眠りから覚め、体に残る鈍痛を意志の力で無視して目蓋を開ければ、そこには知らない天井が合った。自宅どころか、チェックインしたホテルの天井ですらなかった。その清潔感と圧迫感を感じさせる純白の天井と、充満する薬品の匂いで、辛うじてこの場所が病院だと理解した護堂。
しかし、場所を理解しても、どうして自分が病院などという場所で目を覚ますのか?その理由が、目覚めたばかりの頭では全く分からなかった。

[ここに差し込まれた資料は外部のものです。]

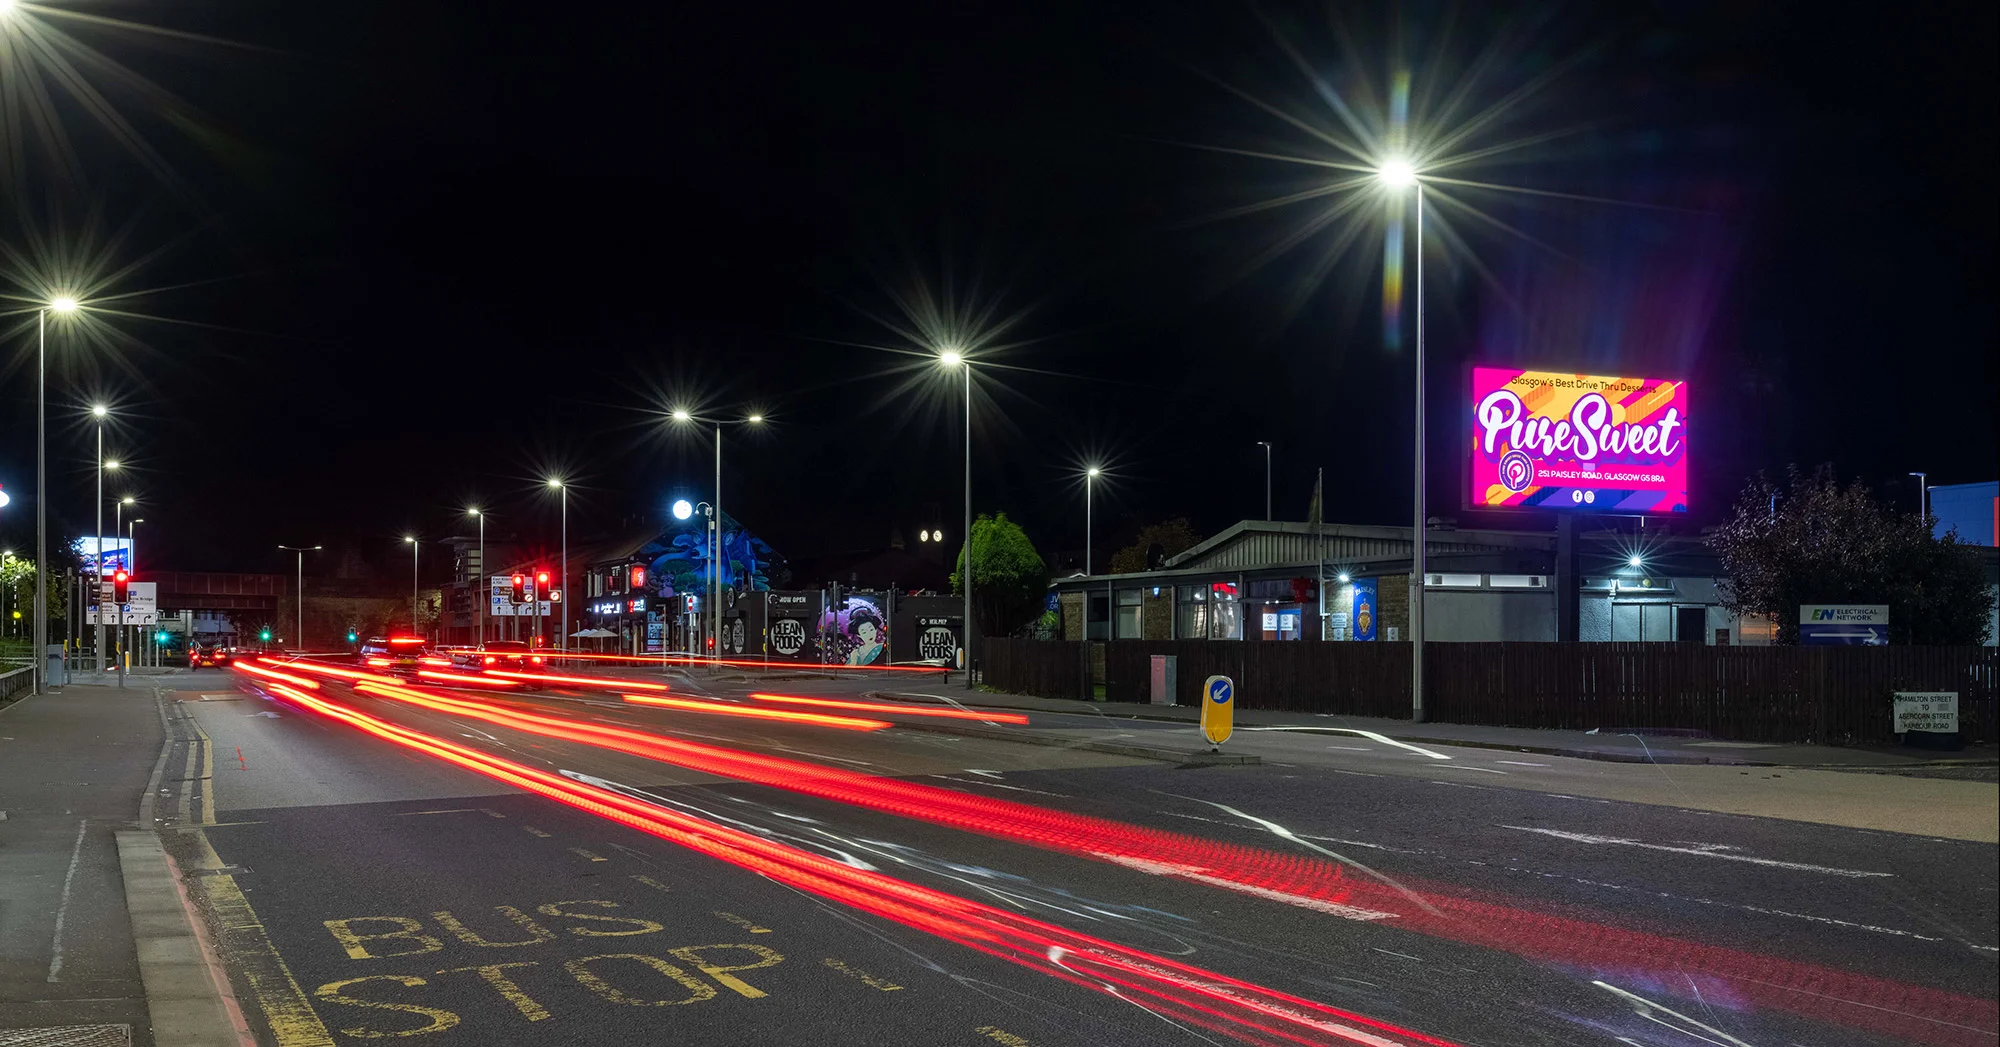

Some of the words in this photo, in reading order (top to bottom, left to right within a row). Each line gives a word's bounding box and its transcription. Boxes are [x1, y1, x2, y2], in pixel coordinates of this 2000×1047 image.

[1511, 376, 1554, 389] Glasgow's
[1555, 379, 1575, 388] Best
[1576, 380, 1598, 390] Drive
[1600, 381, 1619, 391] Thru
[1620, 383, 1656, 394] Desserts
[1538, 469, 1551, 478] 251
[1551, 470, 1580, 479] PAISLEY
[1604, 472, 1640, 482] GLASGOW
[1640, 474, 1651, 482] G5
[1651, 475, 1665, 483] 8RA
[1354, 586, 1375, 597] PAISLEY
[1811, 609, 1835, 621] EN
[774, 622, 802, 635] CLEAN
[775, 636, 803, 650] FOODS
[923, 632, 953, 645] CLEAN
[922, 646, 953, 659] FOODS
[323, 900, 663, 960] BUS
[314, 943, 786, 1039] STOP

(・・・ったく、病院では静かにしろよ・・・。重病人でも運ばれてきたのか?)
廊下から聞こえてくる怒声と、バタバタと響く大勢の足音。それに不快感を覚えながら、取り敢えず自分の肉体の確認をしようと考えた彼は、ユックリと体を起こした。
「・・・一体、ここは何処だ・・・?」
軽い目眩を覚えながら、やっとのことで体を起こした護堂が見たのは、眩い程の長い金髪の女性が、此方を振り返る場面であった。
「き、気がついたの!?」
バッ!!!と音がしそうな程に素早く振り返ったのは、見覚えのある女性。
(・・・そうだ、俺は確か、海岸でこの人と出会って・・・)
そこまで考えた時、彼女の視線が一箇所に固定されていることに気がつく。
「・・・・・・・・・。」
その視線を追ってみると・・・そこには、寝起きということで大きくなった、護堂のアレが・・・。
「う、ぅあ・・・!」
「き・・・キャアアアアアアアアアア!?」
護堂の羞恥の叫びは、彼女の羞恥の叫びで簡単にかき消された。顔を真っ赤にした彼女は、力を失ったようにヘナヘナと地面に座る。

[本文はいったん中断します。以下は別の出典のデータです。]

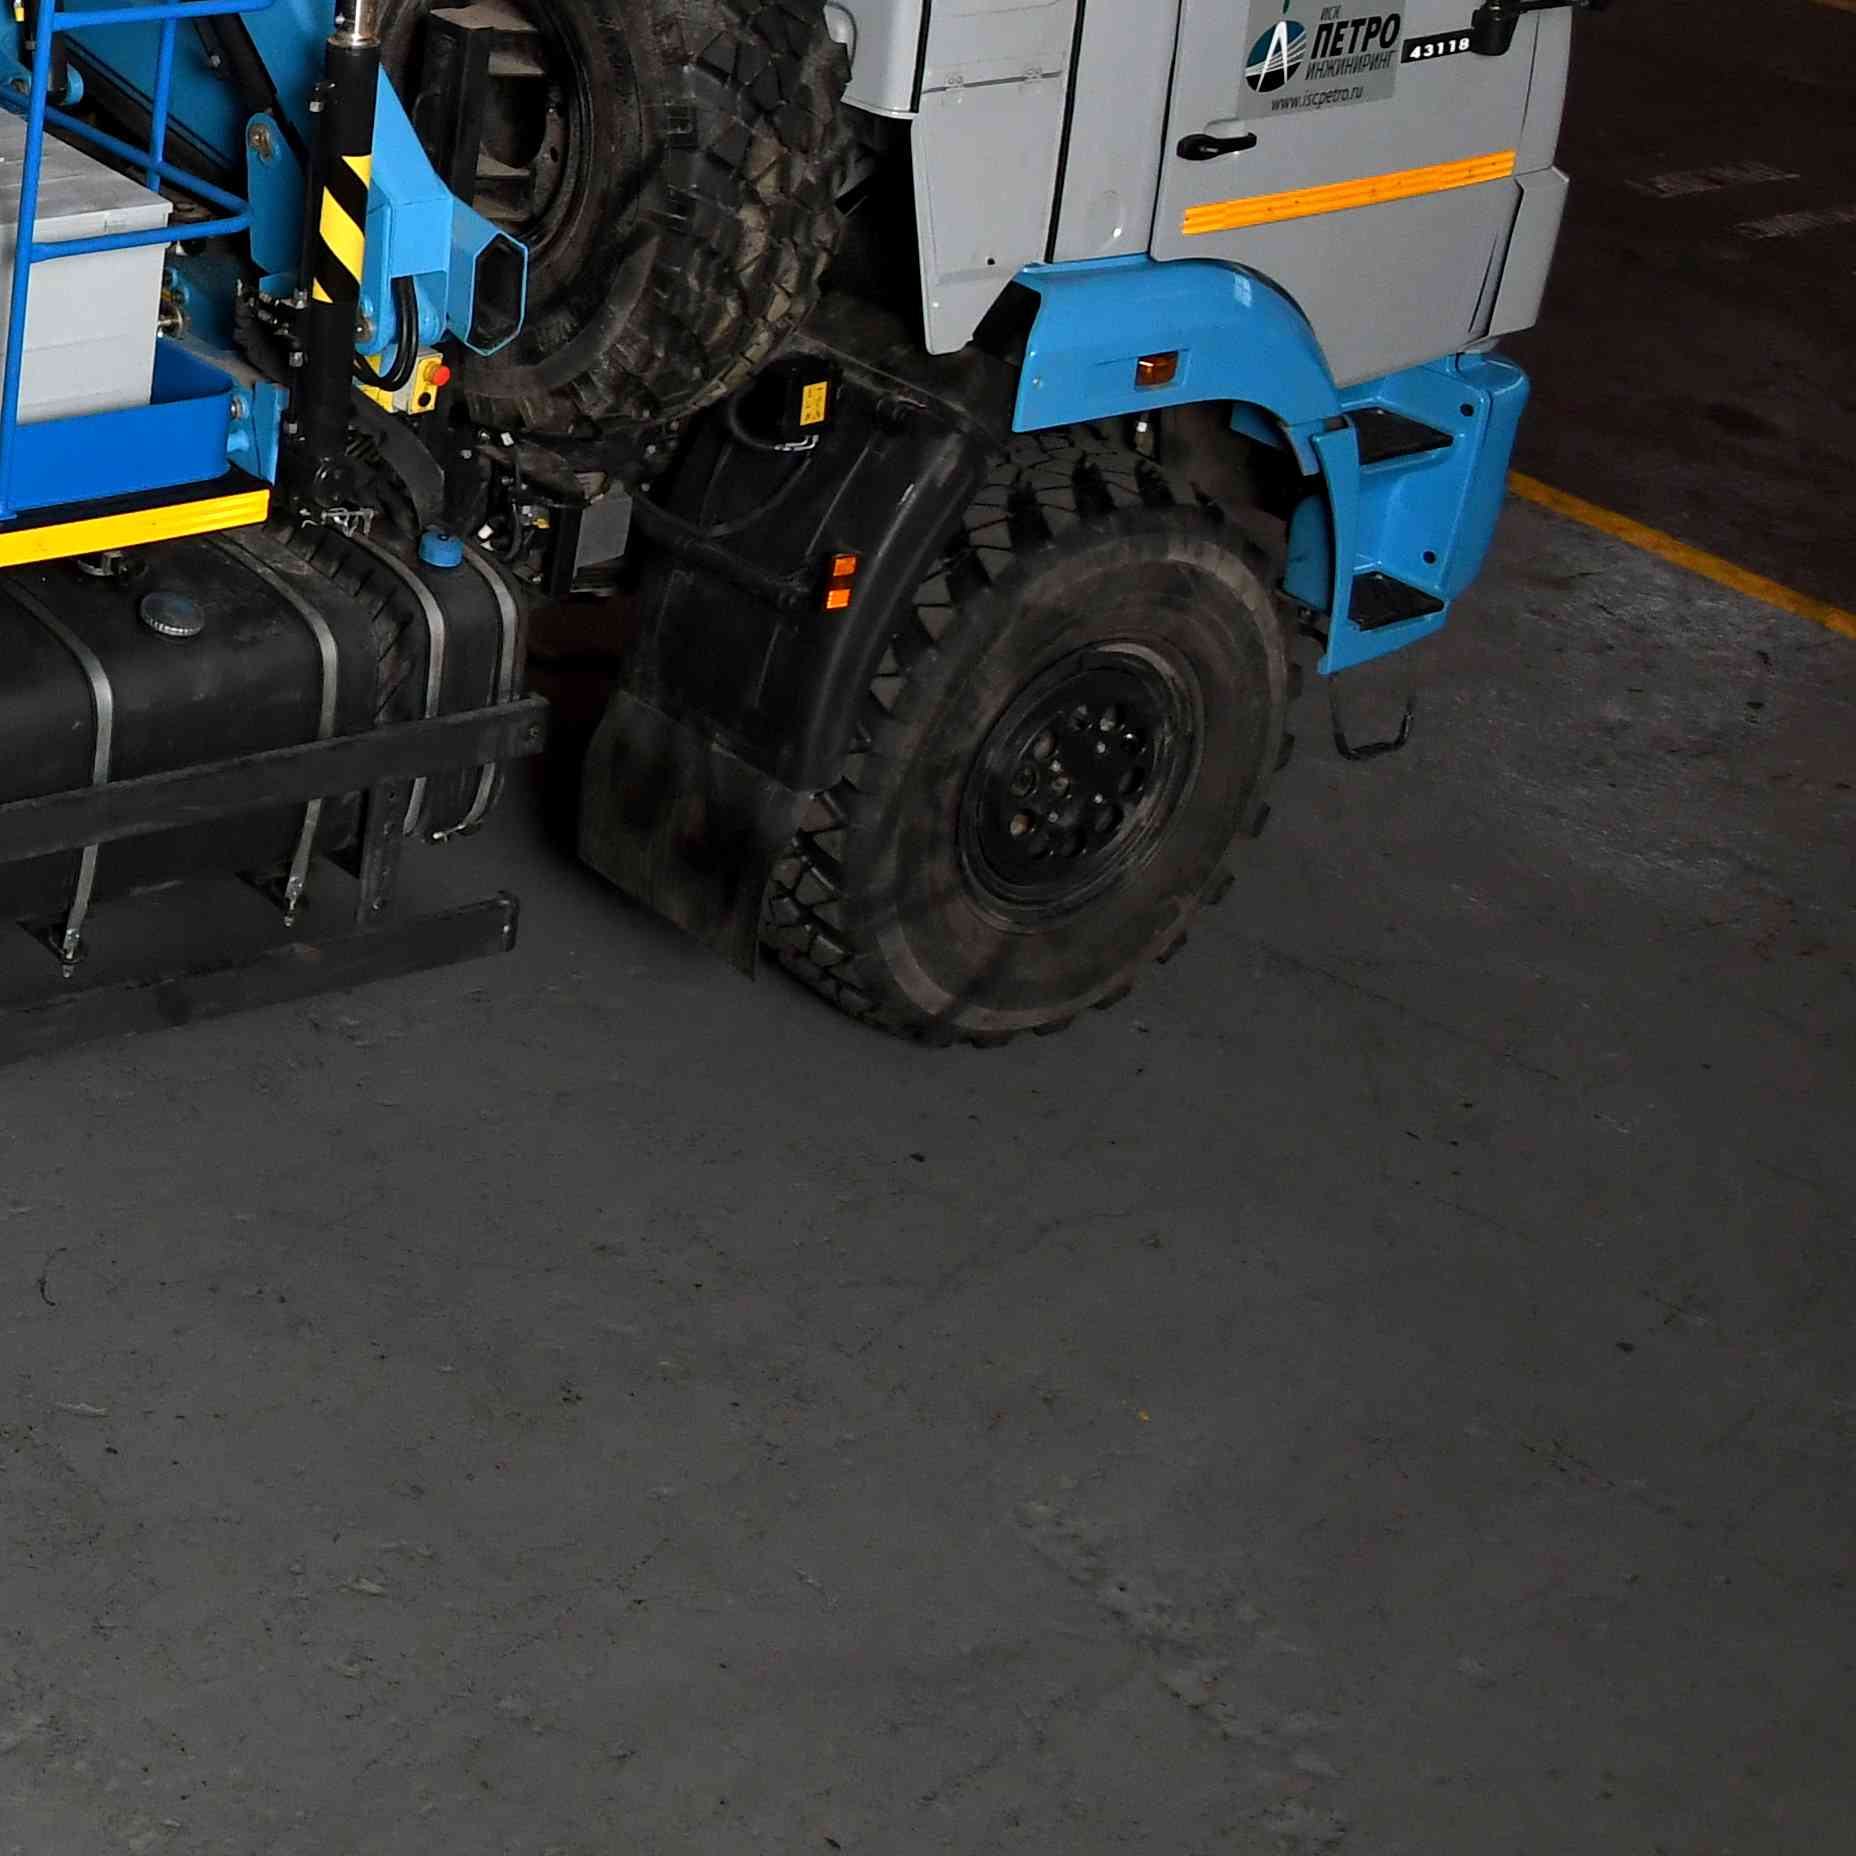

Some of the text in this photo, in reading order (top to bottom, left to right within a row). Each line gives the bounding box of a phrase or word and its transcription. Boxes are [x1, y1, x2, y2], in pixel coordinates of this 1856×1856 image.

それと同時に、病室の扉が勢いよく開け放たれた。そこから流れ込んでくる人、人、人。あっと言う間に病室を埋め尽くしたその人間たちは護堂を取り囲むと、槍や長剣、小型の弓などを彼に向けた。
「え、うお!?何だ!?」
その武器の輝きを見れば、それらが模造刀などではなく、真剣などのホンモノであるということが理解出来る。護堂に出来ることは、ユックリと両手を上に上げて、降参の意思を示すことだけだった。
「・・・・・・何でさ?」
様々な感情を詰め込んだ彼の言葉は、虚しく消え去った。
『一体、何をしようとしていた!?』
スキンヘッドの男性が、護堂に叫ぶ。当然、護堂にはイタリア語など分かるはずもなく、冷や汗を流し続けるだけ。
『・・・貴方は、ここで何をしようとしていたのですか?』
イタリア語が分からないのだと理解した別の女性が、今度は英語で喋りながら古めかしい古式銃を突きつけながら脅す。